De jeunes amies que j’y ai rencontrées, viennent me chercher quand elles sont libres le week-end. Nous allons marcher en forêt, dans un parc, ou le long d’une rivière. Elles me renseignent sur les nouveautés technologiques, et me tiennent au courant de l’actualité musicale ou cinématographique. Elles se confient beaucoup, et je trouve qu’elles ne se débrouillent pas si mal pour se sortir de situations difficiles. Elles m’appellent « Mamour ». Je réalise alors, que la vie ne cesse de vous offrir de beaux cadeaux, et qu’il suffit de s’en saisir. Merci à ma grand-mère adoptive de m’avoir montré le chemin de la sagesse.
Je trouve que c'est très intéressant ce début, je vais me pencher sur la suite sous peu.
En tout cas, je trouve le début très doux et très sage. Surtout adorable. Faut pas que je traîne à poursuivra !
Très bonnes lectures ici ou ailleurs.
Il y a beaucoup de douceur, de finesse et de lucidité dans votre texte, certes compact, mais riche en émotions. Votre témoignage sincère, parfois bouleversant nous fait réfléchir sur ce qu’est véritablement le don de soi (pourquoi donner ? Par quels moyens et où poser les limites ?).
Personnellement, j’aurais aimé avoir une grand-mère comme la vôtre ;-)
À bientôt de vous lire,
J'aurai aimé gagner du temps et réfléchir à la question des limites bien plus tôt. On apprend à nos enfants à ne pas dépasser des limites , on devrait leur apprendre aussi à en poser...
Merci pour tes encouragements. Je dois avouer que mes filles que j'adore m'aident beaucoup et me soutiennent, ce qui m'encourage à poursuivre cette toute récente passion.

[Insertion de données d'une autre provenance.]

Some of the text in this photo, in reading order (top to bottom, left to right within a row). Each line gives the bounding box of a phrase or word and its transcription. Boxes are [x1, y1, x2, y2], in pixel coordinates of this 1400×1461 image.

J'espère que tu passera encore de bons moments à lire et à écrire. Pour moi, lorsque le temps ne me permet pas de m'évader en montagne, je quitte mon enveloppe charnelle pour me retrouver dans un personnage au décours d'une lecture ou de l'écriture.
Merci pour tes encouragements.
Avec des mots simples sans fioriture, une sincérité touchante, tu nous offres un joli cadeau.

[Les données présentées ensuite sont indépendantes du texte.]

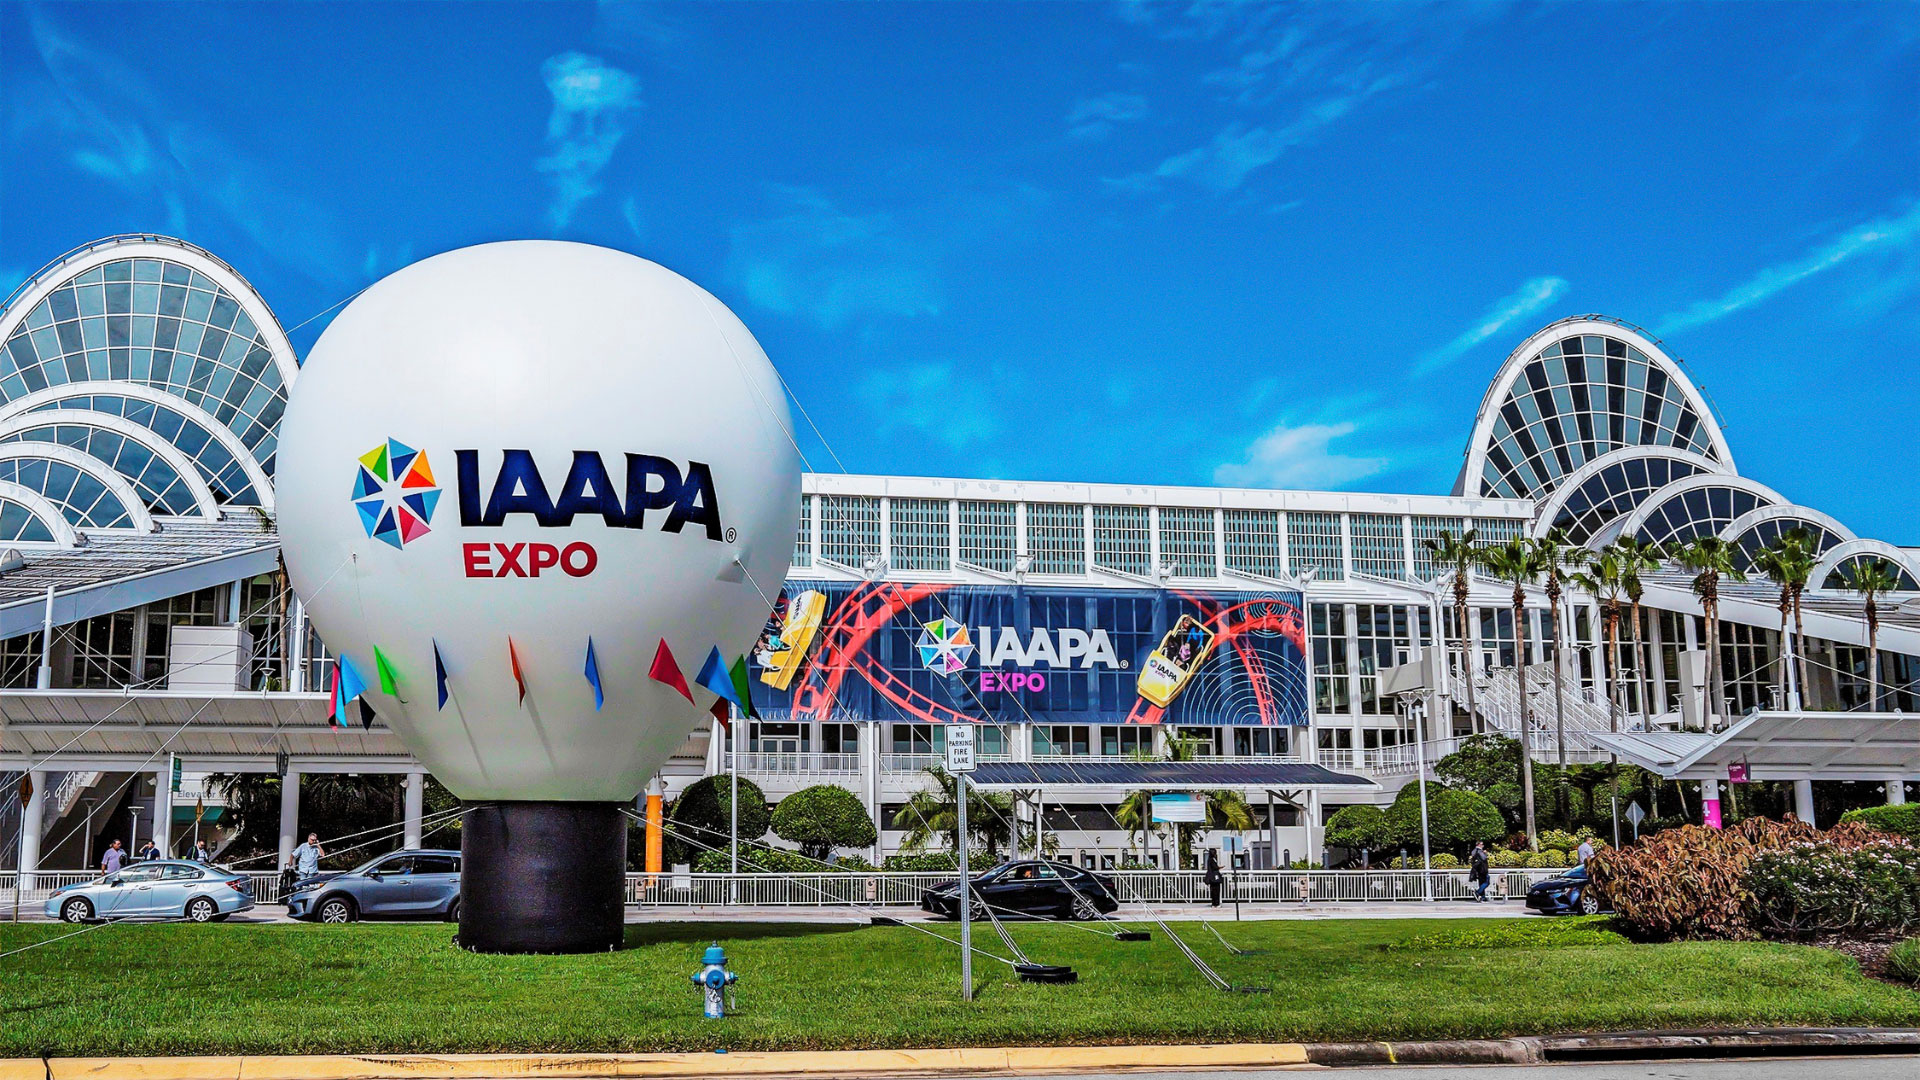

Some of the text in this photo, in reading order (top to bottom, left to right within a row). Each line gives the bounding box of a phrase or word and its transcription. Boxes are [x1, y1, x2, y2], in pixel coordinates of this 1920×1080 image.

L'empathie est une remarquable qualité mais qui doit être apprivoisée afin qu'elle ne vous dévore pas. Elle nous rend fort parce que, bien souvent elle comble un vide affectif et nous donne une raison de nous sentir aimée, estimée et reconnue (je parle de manière générale). Elle s'accompagne souvent d'un perfectionnisme excessif qui conduit à l'insatisfaction parce que l'on arrive jamais à être à la hauteur de ce que l'on voudrait faire ou être.
C'est souvent la caractéristique aussi d'une personne hypersensible.
Cette analyse rétrospective évoque tout le chemin parcouru et si la prise de conscience semble facile, trouver le moyen d'y remédier est un parcours du combattant tant il demande aussi d'énergie.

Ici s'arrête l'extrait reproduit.